-------- SUPPLIED INFORMATION --------

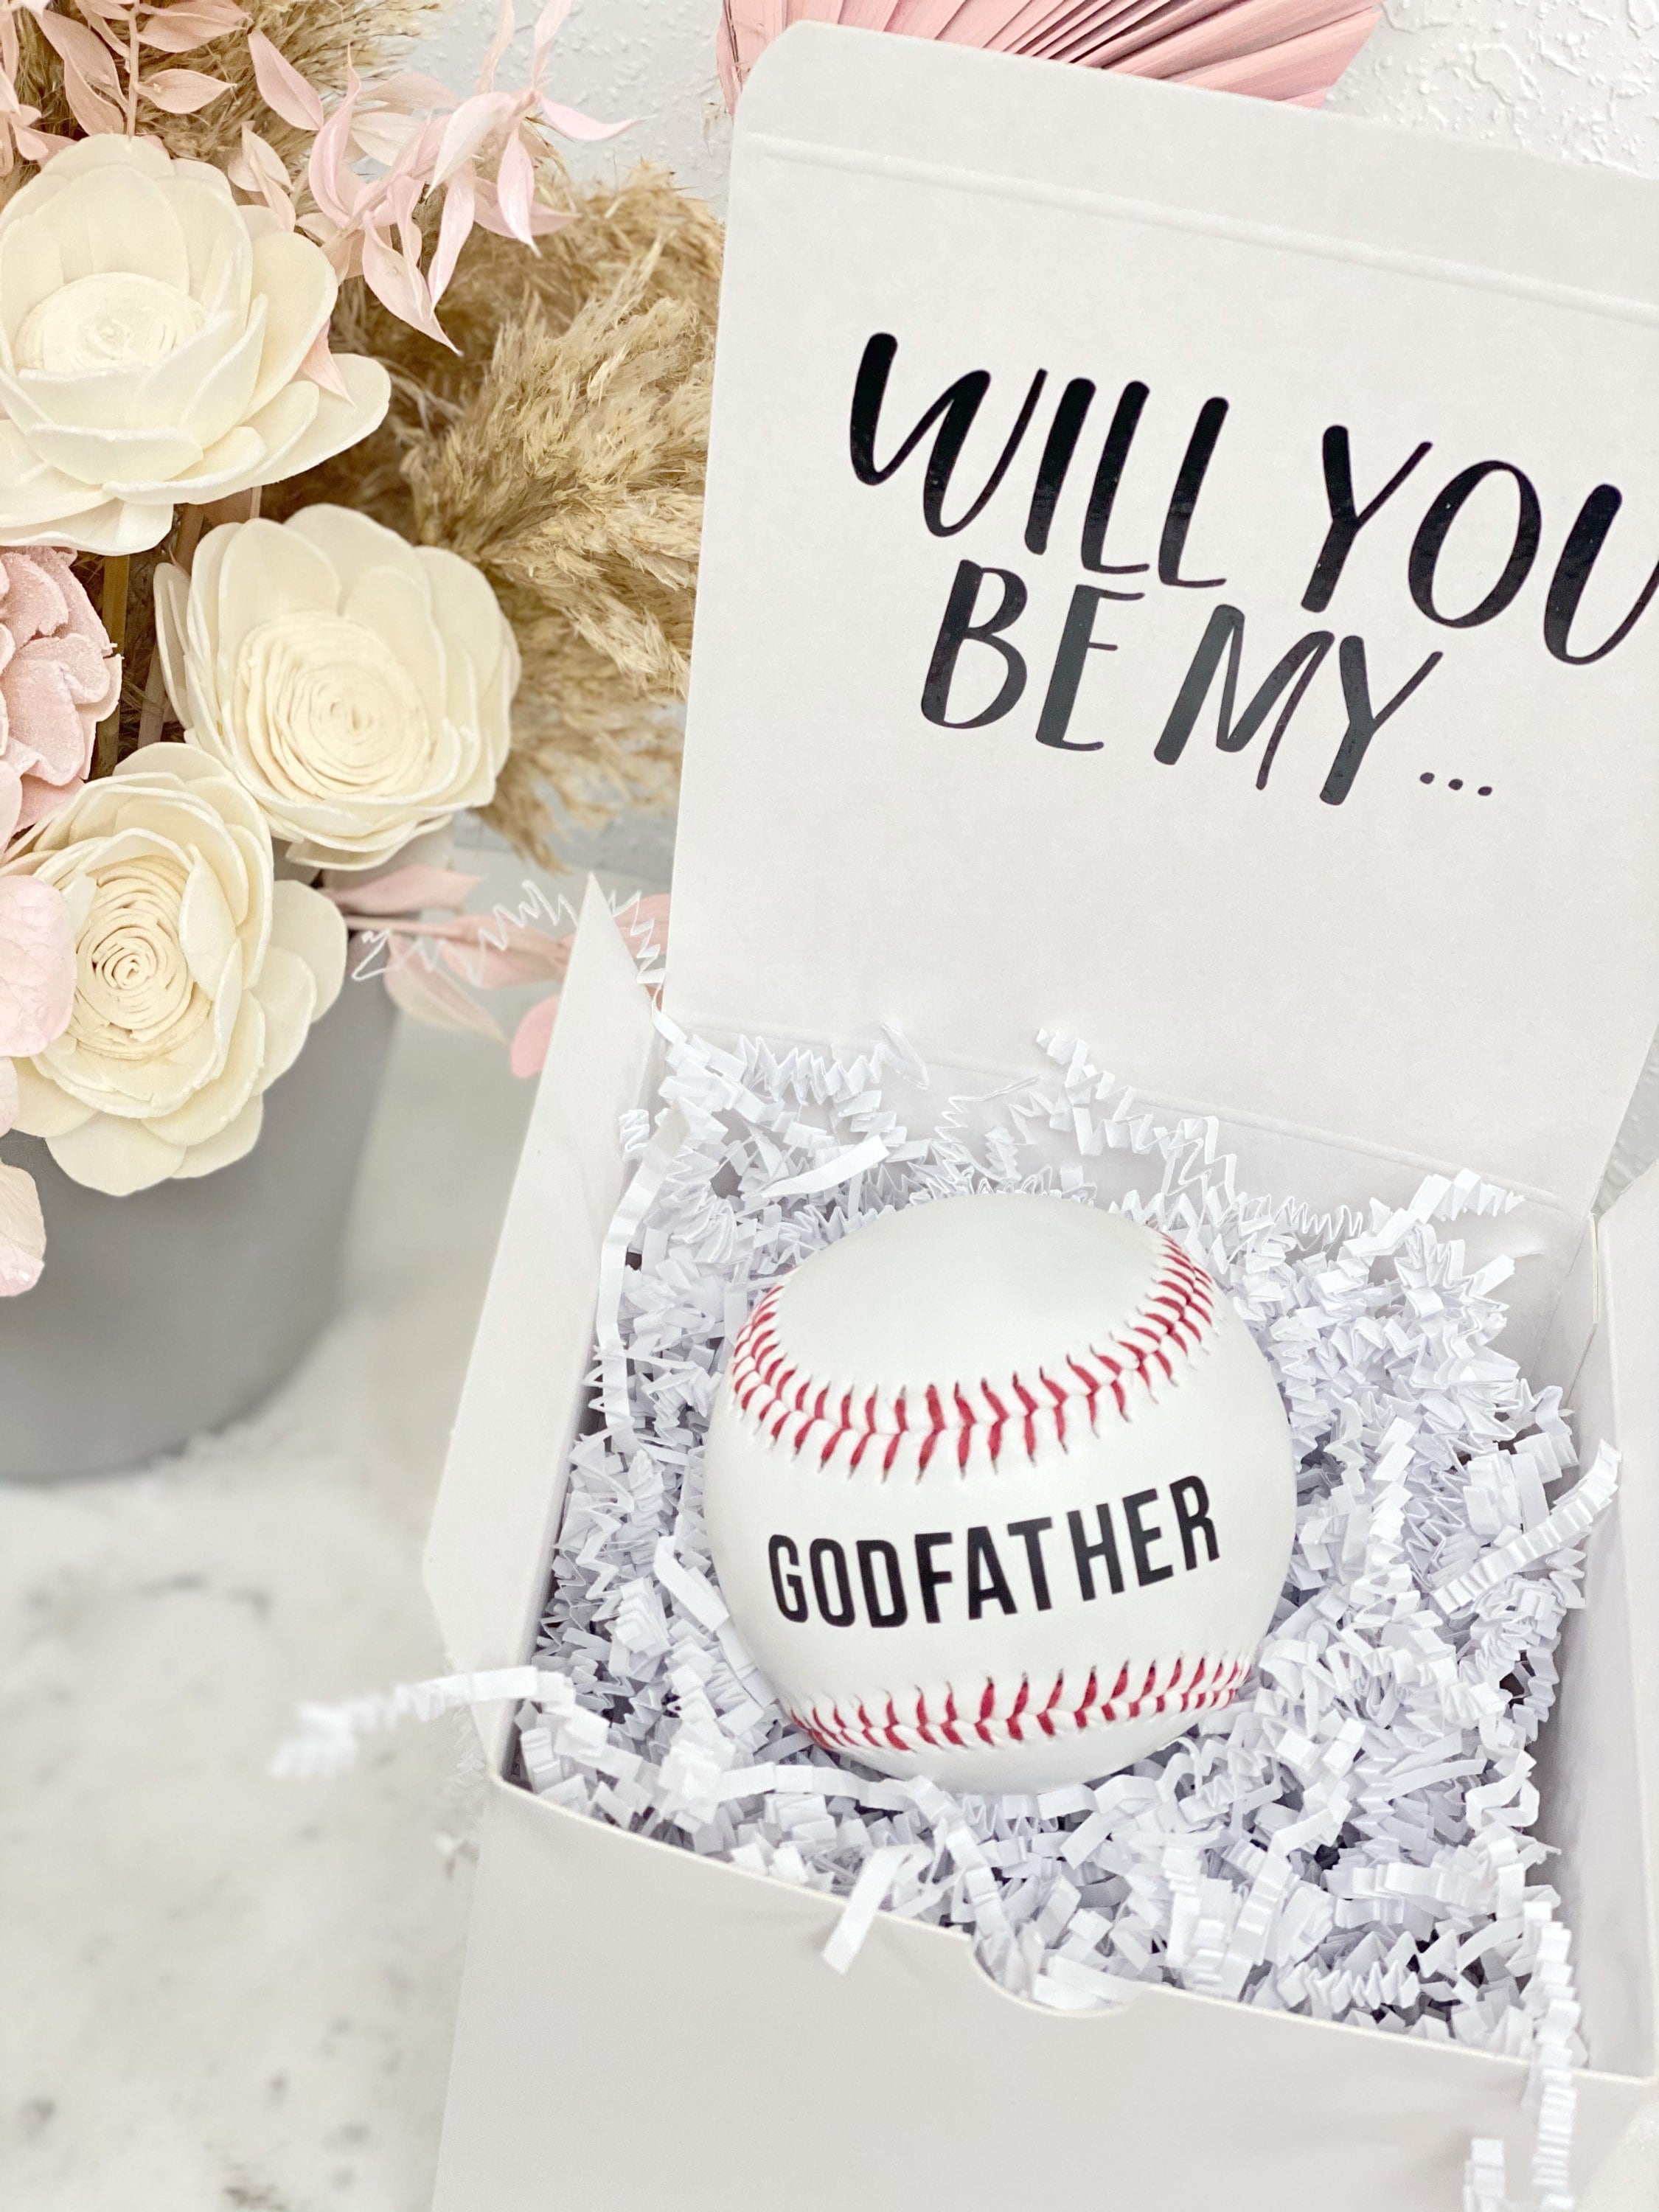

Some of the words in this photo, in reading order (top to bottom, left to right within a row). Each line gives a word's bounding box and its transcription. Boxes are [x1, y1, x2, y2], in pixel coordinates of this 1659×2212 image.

[849, 333, 1229, 588] WILL
[1301, 425, 1659, 665] YOU
[920, 559, 1145, 751] BE
[1153, 604, 1493, 806] MY...
[768, 1475, 1220, 1628] GODFATHER

--------

Copy the listing above verbatim; the pictures it contains are to stay out.

§ **RESPONSE TO THE EXERCISE**
Some of the words in this photo, in reading order (top to bottom, left to right within a row). Each line gives a word's bounding box and its transcription. Boxes are [x1, y1, x2, y2], in pixel coordinates of this 1659×2212 image.

[849, 333, 1229, 588] WILL
[1301, 425, 1659, 665] YOU
[920, 559, 1145, 751] BE
[1153, 604, 1493, 806] MY...
[768, 1475, 1220, 1628] GODFATHER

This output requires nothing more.